Orbit (; ), commonly stylized as ORβIT, is a Japanese-South Korean boy group formed by seven members who participated in the 2019 reality competition show Produce 101 Japan. The group consists of Younghoon, Heecho, Yoondong, June, Tomo, Shunya, and Yugo. The group debuted on November 11, 2020, with the release of their studio album titled 00.

History

Pre-debut
Heecho (under the name Heecheon), Younghoon (under the stage name Ooon), and Yoondong are former members of South Korean boy group HALO, which disbanded on May 8, 2019. June (under the name Jun Uehara) competed on South Korea's Mnet reality-survival program Produce X 101 and finished in 91st place.

All seven members participated in Japan's spin-off series Produce 101 Japan under their legal names. However, the three former HALO members had left the show prior to its finale, citing personal reasons. June, along with individual trainees Tomoaki Ando, Shunya Osawa, and Yugo Miyajima were eliminated in the show's finale and finished in 20th, 14th, 13th, and 12th place, respectively.

2020: Debut with 00

Beginning on February 1, the group and its members were announced daily through a series of individual profile videos. The group released their first track, "Lazurite", a ballad song on June 20. On August 20, the group announced their debut album, 00 (オーツー, pronounced O2) with a November 11 release date under their own music label Present Label.

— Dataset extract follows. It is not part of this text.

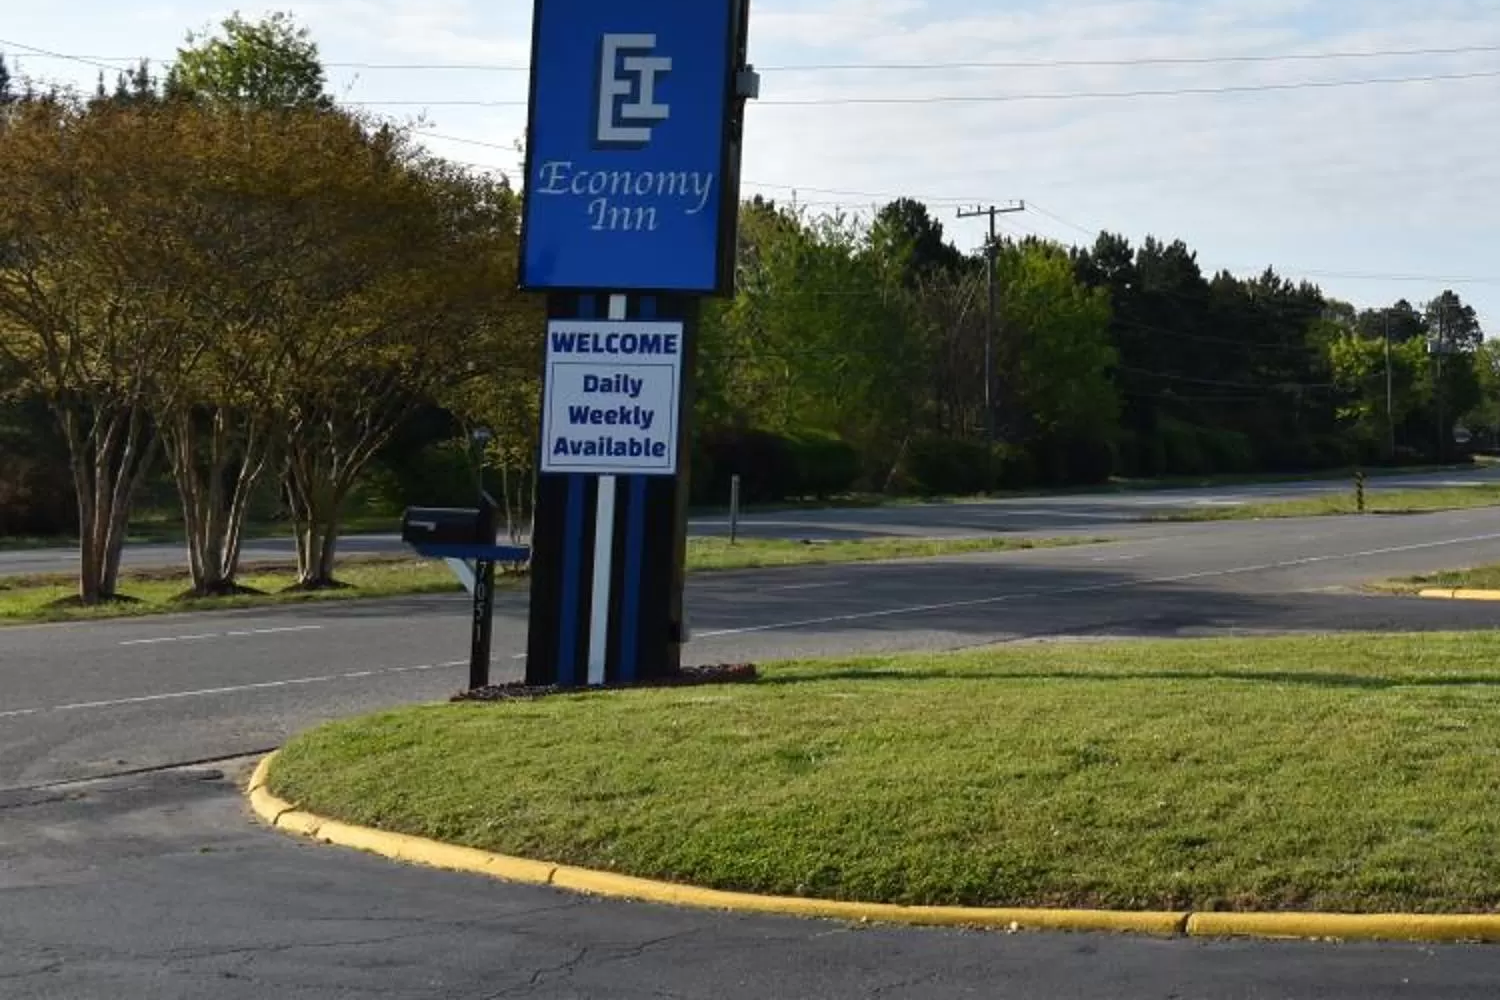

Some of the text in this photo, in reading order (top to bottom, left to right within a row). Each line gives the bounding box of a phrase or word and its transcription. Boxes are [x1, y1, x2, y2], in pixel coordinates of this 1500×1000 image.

The lead track "Universe" was pre-released digitally on October 16 and the music video was released on November 1.

2021-present: Enchant, Alter Ego
On January 16, it was announced that the group will release their first extended play Enchant on April 21. The album features two lead tracks: "Dionaea" and "Blind". "Blind" was pre-released digitally on Line Music on March 31 and the music video was released on April 19. The music video for "Dionaea" was released on April 17. The album debuted at number one on the Oricon Albums Chart.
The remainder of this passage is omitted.